- Extracted records

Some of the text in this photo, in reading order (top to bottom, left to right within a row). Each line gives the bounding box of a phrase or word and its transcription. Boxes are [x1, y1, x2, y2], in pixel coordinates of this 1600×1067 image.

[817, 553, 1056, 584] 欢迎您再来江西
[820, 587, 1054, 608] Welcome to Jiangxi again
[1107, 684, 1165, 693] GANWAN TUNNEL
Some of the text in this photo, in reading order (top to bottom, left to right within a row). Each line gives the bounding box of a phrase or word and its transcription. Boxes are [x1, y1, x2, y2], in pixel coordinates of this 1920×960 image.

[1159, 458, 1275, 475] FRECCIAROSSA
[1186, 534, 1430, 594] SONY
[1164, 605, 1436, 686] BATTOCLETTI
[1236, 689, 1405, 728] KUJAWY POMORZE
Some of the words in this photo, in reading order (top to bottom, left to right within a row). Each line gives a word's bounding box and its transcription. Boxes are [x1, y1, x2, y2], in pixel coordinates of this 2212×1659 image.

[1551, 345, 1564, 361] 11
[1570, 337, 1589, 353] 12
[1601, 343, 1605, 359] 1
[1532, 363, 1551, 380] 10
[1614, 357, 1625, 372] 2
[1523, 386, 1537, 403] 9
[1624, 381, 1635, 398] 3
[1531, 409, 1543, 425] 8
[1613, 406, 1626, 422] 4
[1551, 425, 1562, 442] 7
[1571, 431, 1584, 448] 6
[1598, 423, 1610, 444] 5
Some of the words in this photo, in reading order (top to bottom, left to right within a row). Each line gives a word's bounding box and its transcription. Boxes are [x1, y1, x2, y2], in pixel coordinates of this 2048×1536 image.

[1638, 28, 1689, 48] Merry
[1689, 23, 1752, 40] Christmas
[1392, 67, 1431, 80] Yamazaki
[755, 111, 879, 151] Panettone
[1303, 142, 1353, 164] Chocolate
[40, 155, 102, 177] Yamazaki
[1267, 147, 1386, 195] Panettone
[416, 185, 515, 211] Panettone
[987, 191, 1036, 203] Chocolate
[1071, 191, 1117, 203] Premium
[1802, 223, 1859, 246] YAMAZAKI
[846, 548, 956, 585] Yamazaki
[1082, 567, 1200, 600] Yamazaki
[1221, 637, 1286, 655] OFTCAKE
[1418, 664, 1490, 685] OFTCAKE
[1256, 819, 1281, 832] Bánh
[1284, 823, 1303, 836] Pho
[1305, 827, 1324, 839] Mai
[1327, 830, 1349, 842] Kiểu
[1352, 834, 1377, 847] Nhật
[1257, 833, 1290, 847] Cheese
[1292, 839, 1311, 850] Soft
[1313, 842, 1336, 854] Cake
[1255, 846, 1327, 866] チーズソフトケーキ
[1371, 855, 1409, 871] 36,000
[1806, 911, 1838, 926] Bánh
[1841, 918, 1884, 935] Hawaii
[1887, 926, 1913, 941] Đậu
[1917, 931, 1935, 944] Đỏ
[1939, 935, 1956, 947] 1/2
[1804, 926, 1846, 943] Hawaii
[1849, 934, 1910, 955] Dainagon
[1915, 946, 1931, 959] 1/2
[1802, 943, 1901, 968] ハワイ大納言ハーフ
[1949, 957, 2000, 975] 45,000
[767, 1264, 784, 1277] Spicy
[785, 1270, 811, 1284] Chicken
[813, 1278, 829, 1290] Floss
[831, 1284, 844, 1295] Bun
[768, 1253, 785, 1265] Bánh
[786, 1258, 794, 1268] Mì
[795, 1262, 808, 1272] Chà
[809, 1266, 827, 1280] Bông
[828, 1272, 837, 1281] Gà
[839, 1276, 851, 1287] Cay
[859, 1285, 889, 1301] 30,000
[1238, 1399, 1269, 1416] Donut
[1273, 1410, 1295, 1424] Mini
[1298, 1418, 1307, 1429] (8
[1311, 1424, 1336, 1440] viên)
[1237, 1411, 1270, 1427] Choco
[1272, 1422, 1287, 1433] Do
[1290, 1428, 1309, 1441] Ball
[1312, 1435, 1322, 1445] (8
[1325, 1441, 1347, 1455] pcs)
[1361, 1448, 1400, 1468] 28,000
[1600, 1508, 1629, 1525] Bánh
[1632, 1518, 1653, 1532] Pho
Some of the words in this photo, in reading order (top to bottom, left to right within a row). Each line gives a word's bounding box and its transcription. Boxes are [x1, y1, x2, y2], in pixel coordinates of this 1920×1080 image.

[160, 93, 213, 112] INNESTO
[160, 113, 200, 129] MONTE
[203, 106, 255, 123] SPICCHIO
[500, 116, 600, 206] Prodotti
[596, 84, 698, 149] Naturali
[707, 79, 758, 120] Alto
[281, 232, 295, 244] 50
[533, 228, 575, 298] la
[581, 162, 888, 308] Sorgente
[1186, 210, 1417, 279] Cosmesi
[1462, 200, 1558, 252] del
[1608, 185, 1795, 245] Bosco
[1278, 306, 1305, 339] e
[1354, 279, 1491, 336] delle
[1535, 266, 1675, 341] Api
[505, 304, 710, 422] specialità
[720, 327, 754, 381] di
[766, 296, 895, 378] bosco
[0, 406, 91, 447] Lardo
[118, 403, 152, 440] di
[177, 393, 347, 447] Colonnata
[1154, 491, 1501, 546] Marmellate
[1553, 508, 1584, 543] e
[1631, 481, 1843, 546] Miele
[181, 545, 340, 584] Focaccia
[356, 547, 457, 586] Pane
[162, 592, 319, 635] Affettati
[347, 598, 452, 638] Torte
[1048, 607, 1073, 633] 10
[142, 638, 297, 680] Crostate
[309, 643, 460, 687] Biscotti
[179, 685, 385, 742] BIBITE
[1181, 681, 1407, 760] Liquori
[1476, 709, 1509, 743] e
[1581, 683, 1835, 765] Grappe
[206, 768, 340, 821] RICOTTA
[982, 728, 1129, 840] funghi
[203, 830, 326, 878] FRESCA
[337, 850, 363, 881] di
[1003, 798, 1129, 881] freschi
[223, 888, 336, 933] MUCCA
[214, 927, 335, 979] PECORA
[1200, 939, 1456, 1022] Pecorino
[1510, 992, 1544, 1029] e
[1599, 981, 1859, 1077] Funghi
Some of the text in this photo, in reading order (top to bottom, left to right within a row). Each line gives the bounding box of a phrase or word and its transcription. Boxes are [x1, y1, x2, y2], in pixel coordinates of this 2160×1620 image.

- Exercise
Write out the records again, exactly as given.

- Exercise result
Some of the text in this photo, in reading order (top to bottom, left to right within a row). Each line gives the bounding box of a phrase or word and its transcription. Boxes are [x1, y1, x2, y2], in pixel coordinates of this 1600×1067 image.

[817, 553, 1056, 584] 欢迎您再来江西
[820, 587, 1054, 608] Welcome to Jiangxi again
[1107, 684, 1165, 693] GANWAN TUNNEL
Some of the text in this photo, in reading order (top to bottom, left to right within a row). Each line gives the bounding box of a phrase or word and its transcription. Boxes are [x1, y1, x2, y2], in pixel coordinates of this 1920×960 image.

[1159, 458, 1275, 475] FRECCIAROSSA
[1186, 534, 1430, 594] SONY
[1164, 605, 1436, 686] BATTOCLETTI
[1236, 689, 1405, 728] KUJAWY POMORZE
Some of the words in this photo, in reading order (top to bottom, left to right within a row). Each line gives a word's bounding box and its transcription. Boxes are [x1, y1, x2, y2], in pixel coordinates of this 2212×1659 image.

[1551, 345, 1564, 361] 11
[1570, 337, 1589, 353] 12
[1601, 343, 1605, 359] 1
[1532, 363, 1551, 380] 10
[1614, 357, 1625, 372] 2
[1523, 386, 1537, 403] 9
[1624, 381, 1635, 398] 3
[1531, 409, 1543, 425] 8
[1613, 406, 1626, 422] 4
[1551, 425, 1562, 442] 7
[1571, 431, 1584, 448] 6
[1598, 423, 1610, 444] 5
Some of the words in this photo, in reading order (top to bottom, left to right within a row). Each line gives a word's bounding box and its transcription. Boxes are [x1, y1, x2, y2], in pixel coordinates of this 2048×1536 image.

[1638, 28, 1689, 48] Merry
[1689, 23, 1752, 40] Christmas
[1392, 67, 1431, 80] Yamazaki
[755, 111, 879, 151] Panettone
[1303, 142, 1353, 164] Chocolate
[40, 155, 102, 177] Yamazaki
[1267, 147, 1386, 195] Panettone
[416, 185, 515, 211] Panettone
[987, 191, 1036, 203] Chocolate
[1071, 191, 1117, 203] Premium
[1802, 223, 1859, 246] YAMAZAKI
[846, 548, 956, 585] Yamazaki
[1082, 567, 1200, 600] Yamazaki
[1221, 637, 1286, 655] OFTCAKE
[1418, 664, 1490, 685] OFTCAKE
[1256, 819, 1281, 832] Bánh
[1284, 823, 1303, 836] Pho
[1305, 827, 1324, 839] Mai
[1327, 830, 1349, 842] Kiểu
[1352, 834, 1377, 847] Nhật
[1257, 833, 1290, 847] Cheese
[1292, 839, 1311, 850] Soft
[1313, 842, 1336, 854] Cake
[1255, 846, 1327, 866] チーズソフトケーキ
[1371, 855, 1409, 871] 36,000
[1806, 911, 1838, 926] Bánh
[1841, 918, 1884, 935] Hawaii
[1887, 926, 1913, 941] Đậu
[1917, 931, 1935, 944] Đỏ
[1939, 935, 1956, 947] 1/2
[1804, 926, 1846, 943] Hawaii
[1849, 934, 1910, 955] Dainagon
[1915, 946, 1931, 959] 1/2
[1802, 943, 1901, 968] ハワイ大納言ハーフ
[1949, 957, 2000, 975] 45,000
[767, 1264, 784, 1277] Spicy
[785, 1270, 811, 1284] Chicken
[813, 1278, 829, 1290] Floss
[831, 1284, 844, 1295] Bun
[768, 1253, 785, 1265] Bánh
[786, 1258, 794, 1268] Mì
[795, 1262, 808, 1272] Chà
[809, 1266, 827, 1280] Bông
[828, 1272, 837, 1281] Gà
[839, 1276, 851, 1287] Cay
[859, 1285, 889, 1301] 30,000
[1238, 1399, 1269, 1416] Donut
[1273, 1410, 1295, 1424] Mini
[1298, 1418, 1307, 1429] (8
[1311, 1424, 1336, 1440] viên)
[1237, 1411, 1270, 1427] Choco
[1272, 1422, 1287, 1433] Do
[1290, 1428, 1309, 1441] Ball
[1312, 1435, 1322, 1445] (8
[1325, 1441, 1347, 1455] pcs)
[1361, 1448, 1400, 1468] 28,000
[1600, 1508, 1629, 1525] Bánh
[1632, 1518, 1653, 1532] Pho
Some of the words in this photo, in reading order (top to bottom, left to right within a row). Each line gives a word's bounding box and its transcription. Boxes are [x1, y1, x2, y2], in pixel coordinates of this 1920×1080 image.

[160, 93, 213, 112] INNESTO
[160, 113, 200, 129] MONTE
[203, 106, 255, 123] SPICCHIO
[500, 116, 600, 206] Prodotti
[596, 84, 698, 149] Naturali
[707, 79, 758, 120] Alto
[281, 232, 295, 244] 50
[533, 228, 575, 298] la
[581, 162, 888, 308] Sorgente
[1186, 210, 1417, 279] Cosmesi
[1462, 200, 1558, 252] del
[1608, 185, 1795, 245] Bosco
[1278, 306, 1305, 339] e
[1354, 279, 1491, 336] delle
[1535, 266, 1675, 341] Api
[505, 304, 710, 422] specialità
[720, 327, 754, 381] di
[766, 296, 895, 378] bosco
[0, 406, 91, 447] Lardo
[118, 403, 152, 440] di
[177, 393, 347, 447] Colonnata
[1154, 491, 1501, 546] Marmellate
[1553, 508, 1584, 543] e
[1631, 481, 1843, 546] Miele
[181, 545, 340, 584] Focaccia
[356, 547, 457, 586] Pane
[162, 592, 319, 635] Affettati
[347, 598, 452, 638] Torte
[1048, 607, 1073, 633] 10
[142, 638, 297, 680] Crostate
[309, 643, 460, 687] Biscotti
[179, 685, 385, 742] BIBITE
[1181, 681, 1407, 760] Liquori
[1476, 709, 1509, 743] e
[1581, 683, 1835, 765] Grappe
[206, 768, 340, 821] RICOTTA
[982, 728, 1129, 840] funghi
[203, 830, 326, 878] FRESCA
[337, 850, 363, 881] di
[1003, 798, 1129, 881] freschi
[223, 888, 336, 933] MUCCA
[214, 927, 335, 979] PECORA
[1200, 939, 1456, 1022] Pecorino
[1510, 992, 1544, 1029] e
[1599, 981, 1859, 1077] Funghi
Some of the text in this photo, in reading order (top to bottom, left to right within a row). Each line gives the bounding box of a phrase or word and its transcription. Boxes are [x1, y1, x2, y2], in pixel coordinates of this 2160×1620 image.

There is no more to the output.